One of my favorites is Nightmare from Nick Stafford’s Hambleton Ales, an independent brewery in North Yorkshire – the beer is smooth, malty goodness, perfect for an autumn evening. Moving over to Lancashire, another north of England brewery with regular US exports is Moorhouse’s – and they have a number of perfectly-named beers for the holiday: Black Cat, one of the best milds available anyway (yes, it’s only 3.4%, but it’s full of flavor) and Pendle Witches Brew, a slightly heftier beer with sweet malt notes. Both brews commemorate the ‘Pendle Witches‘ – a group of women tried for witchcraft in 1612 (most of whom were imprisoned and subsequently hanged at Lancaster Castle – which was still a prison when I lived there in the 1990s). Perhaps because the history is more well-known in the local area, their labels have never generated the sort of controversy currently engulfing Lost Abbey’s Witch’s Wit – but more on that later.

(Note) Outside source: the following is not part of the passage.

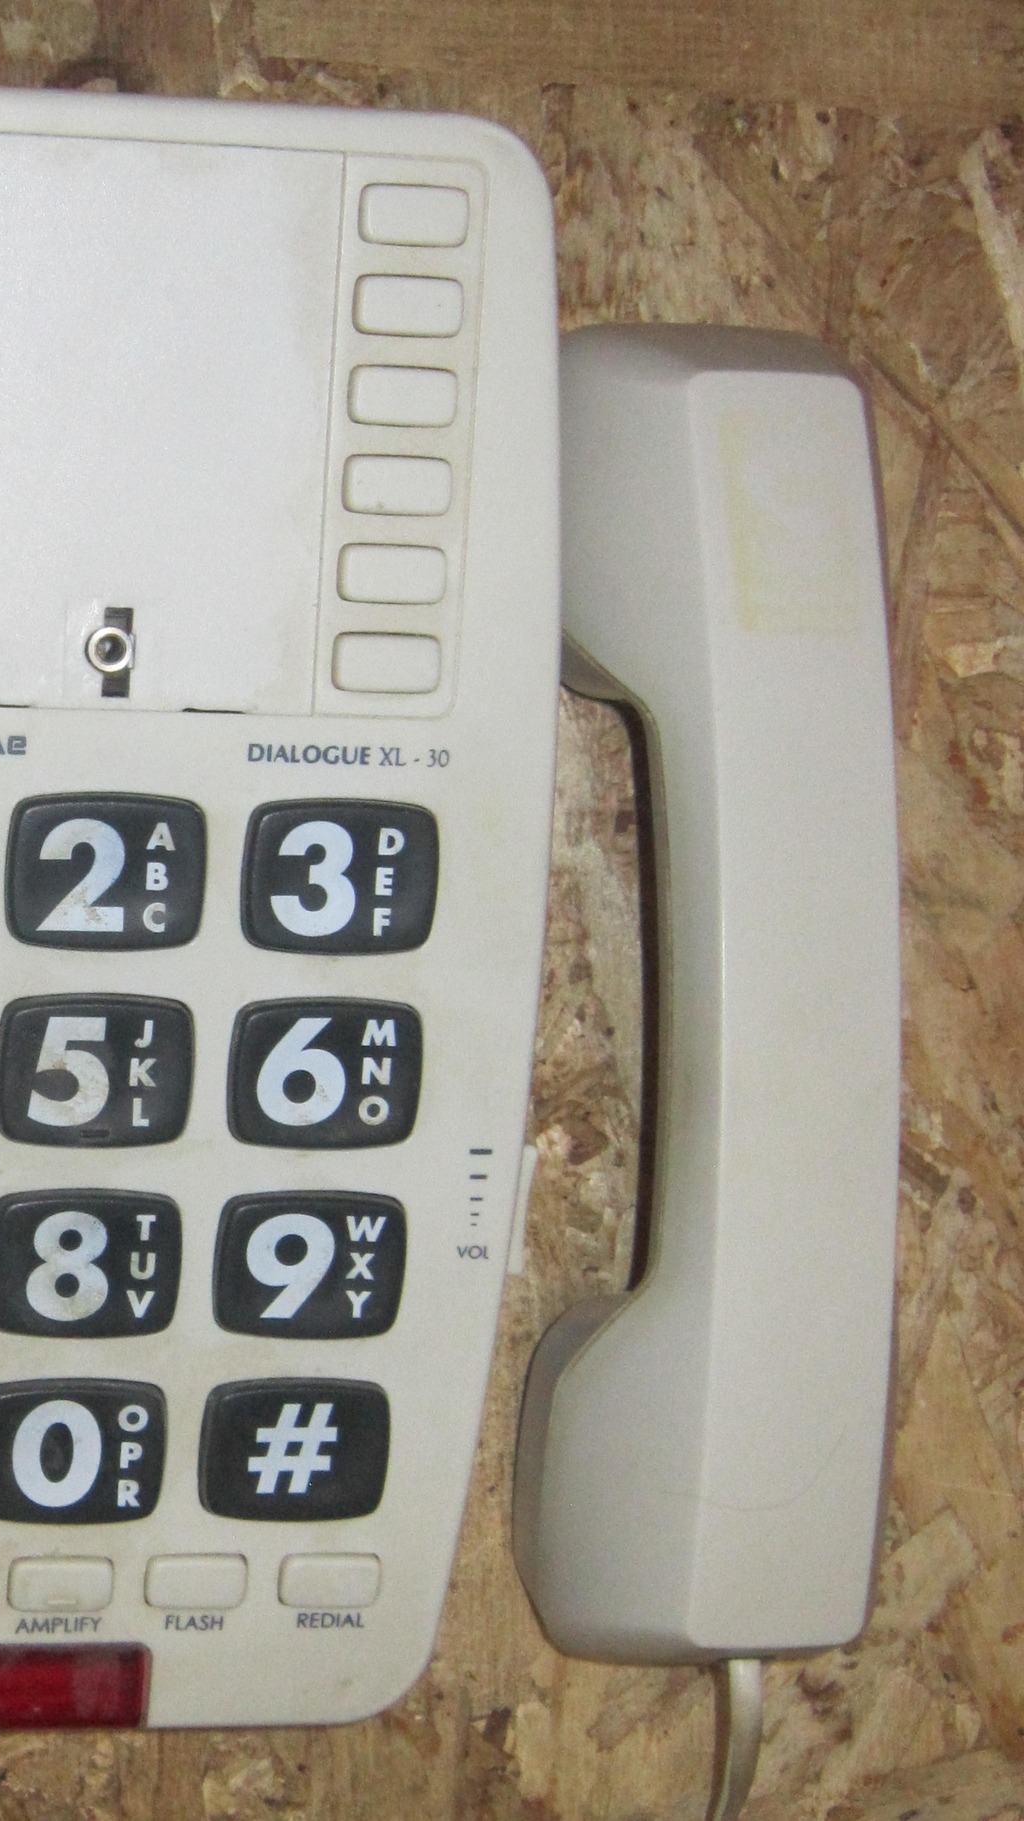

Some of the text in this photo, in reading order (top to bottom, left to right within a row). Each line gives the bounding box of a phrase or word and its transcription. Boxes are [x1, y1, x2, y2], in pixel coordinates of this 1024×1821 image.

Heading south, Oxfordshire’s Wychwood Brewery famously exports its Hobgoblin around the world; their Scarecrow can also be worth seeking out if you prefer something a little less malty (but really, shouldn’t most fall beers be malty?), though it still has some nice biscuity flavors. One word of caution with Wychwood beers (and perhaps this problem arises because some stores stock up on them) – they are all outstanding when they’ve been properly looked after, but I’ve had more than one bottle of Hobgoblin that had clearly been sitting around a while – make sure you get it reasonably fresh from a good distributor or beer store so you know you’re getting the real flavor of the beer. Even better, try one of them on cask near the brewery – they are lovely that way.
Of course, there are plenty of quality beers made in the US that are Halloween-ready. Colorado’s Avery Brewing produces a Demons of Ale series: Mephistopheles Stout is not brewed until December, but Beast, a Belgian Grand Cru should be ready just about now – although it’s definitely not something you’re going to have many of at one sitting – ditto for the other in the series, Samael’s, an oak-aged ale hovering rather close to the 15% ABV mark. For something a little more low-key, Gritty McDuff’s makes a Halloween Ale that makes its way out of Maine every year, and if you’re in more of a lager mood, there’s always Dixie Blackened Voodoo, originally from New Orleans (though still brewed elsewhere, post-Katrina).
Heading to the Midwest, Great Lakes Nosferatu also fits the bill (though I cannot comment on it specifically yet – it’s sitting in my fridge, waiting), Founders contributes their Devil Dancer, a Triple IPA and Bell’s Hell Hath No Fury…Ale is always tasty.
Out on the West coast, the aforementioned brouhaha over the label for Lost Abbey Witch’s Wit has certainly given the beer some publicity, if nothing else (although it seems to have also knocked the brewery offline) – while I’d have to agree I’d prefer to see something more along the lines of the Pendle Witches Brew approach, the beer itself is tasty indeed. Moving up the coast to Seattle, Black Raven Brewing has a full lineup of potential Halloween beers – Morrighan Stout is just one that sounds thematically-appropriate, and ideal for a chilly night.
Of course, you can still enjoy a pumpkin beer for Halloween – but why not save that for Thanksgiving? In any event, happy Halloween!